The Government held a major Foreign Investment Forum in Auckland in mid-March.
They see increased foreign investment as a way to moderate many of our major economic problems: increase our anaemic economic growth, reduce our enormous infrastructure deficit and improve our poor productivity performance.
They see PPP projects (Public, Private Partnerships) as a good way to attract increased foreign investment to New Zealand.
One aim of the forum was to show that New Zealand was open for business and welcomed foreign investment. But New Zealand has been open to foreign investment for a long time.
The current level of foreign investment in New Zealand is already around $540 billion.
Infrastructure minister Chris Bishop had a major role at the forum.
He said New Zealand had a $200 billion long-term pipeline of infrastructure projects that were looking for funding.
But it seems that only four relatively small-scale projects were actually ready for discussion at the forum.

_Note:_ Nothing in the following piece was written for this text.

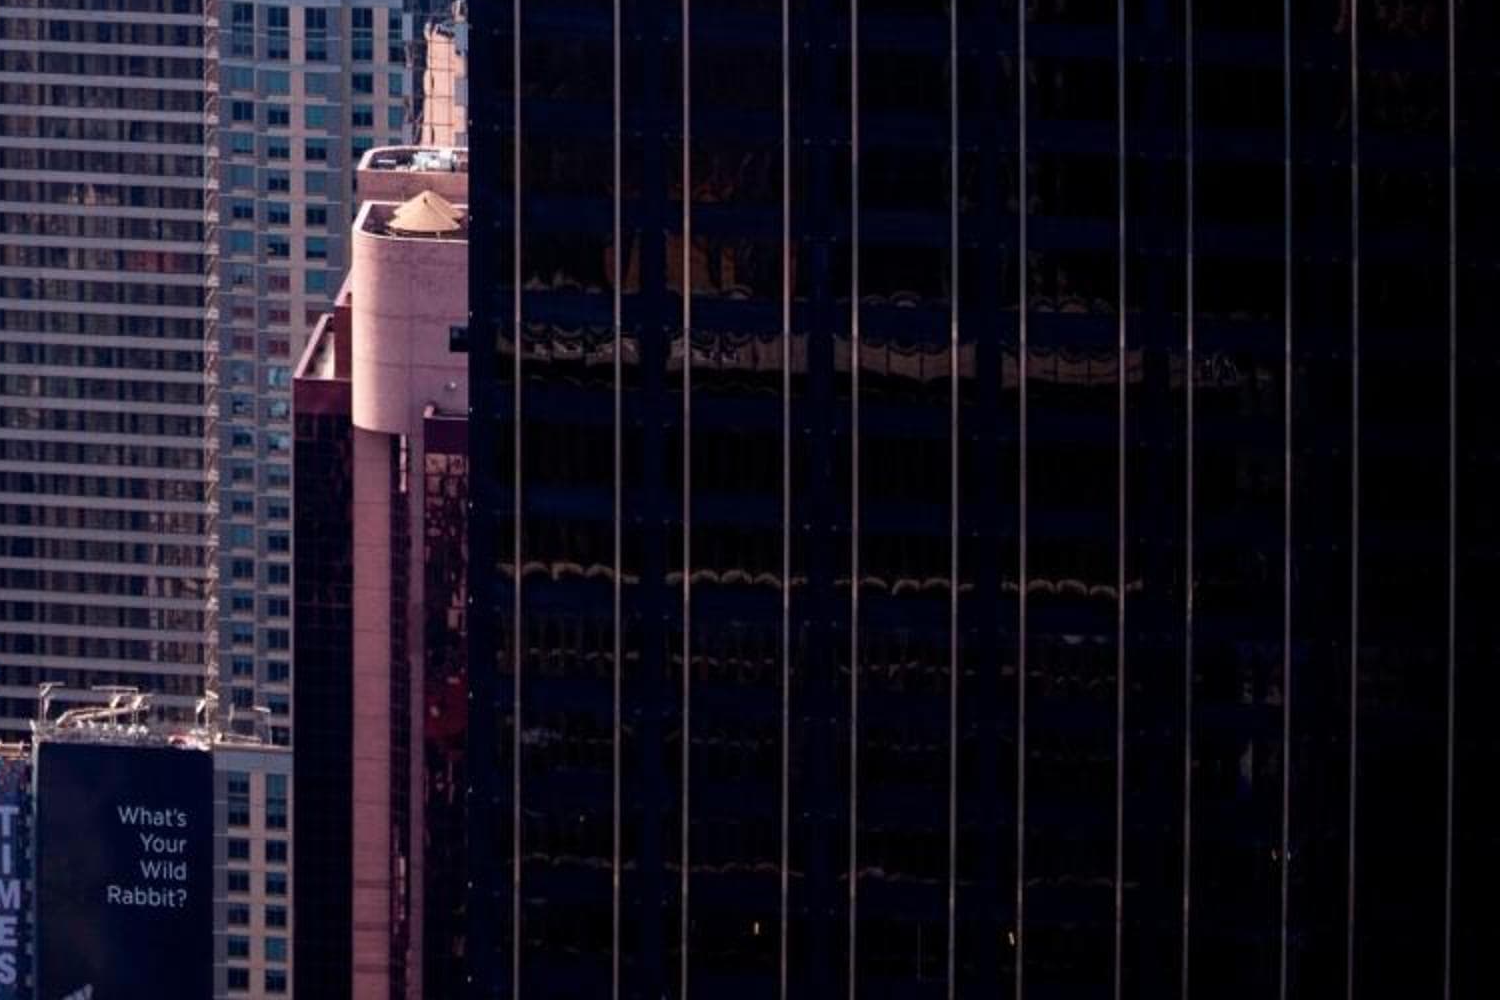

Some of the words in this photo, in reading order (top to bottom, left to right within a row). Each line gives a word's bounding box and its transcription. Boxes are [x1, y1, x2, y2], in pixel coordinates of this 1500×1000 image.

This makes the timing of the forum seem unusual. After the forum, there were no announcements of new infrastructure deals being negotiated and funded.
One thing Chris Bishop did tell the forum was that New Zealand is the fourth worst country in the OECD at maintaining its infrastructure assets. We should be ashamed of that.
There seems to be a plea in the government’s invitation to foreign investors that we need them to come into New Zealand to sort out the problems we have in designing and managing large infrastructure projects.
We should also be ashamed of that too.
There is no guarantee that PPP contractors will be better at maintaining infrastructure assets. The priority for the private sector participants in any PPP scheme is to make profits.
In the United Kingdom, for example, when a lot of their rail network was handed over to private companies to manage, maintenance problems continued to exist and, indeed, the problems sometimes got worse, and the maintenance costs ended back on the government’s plate.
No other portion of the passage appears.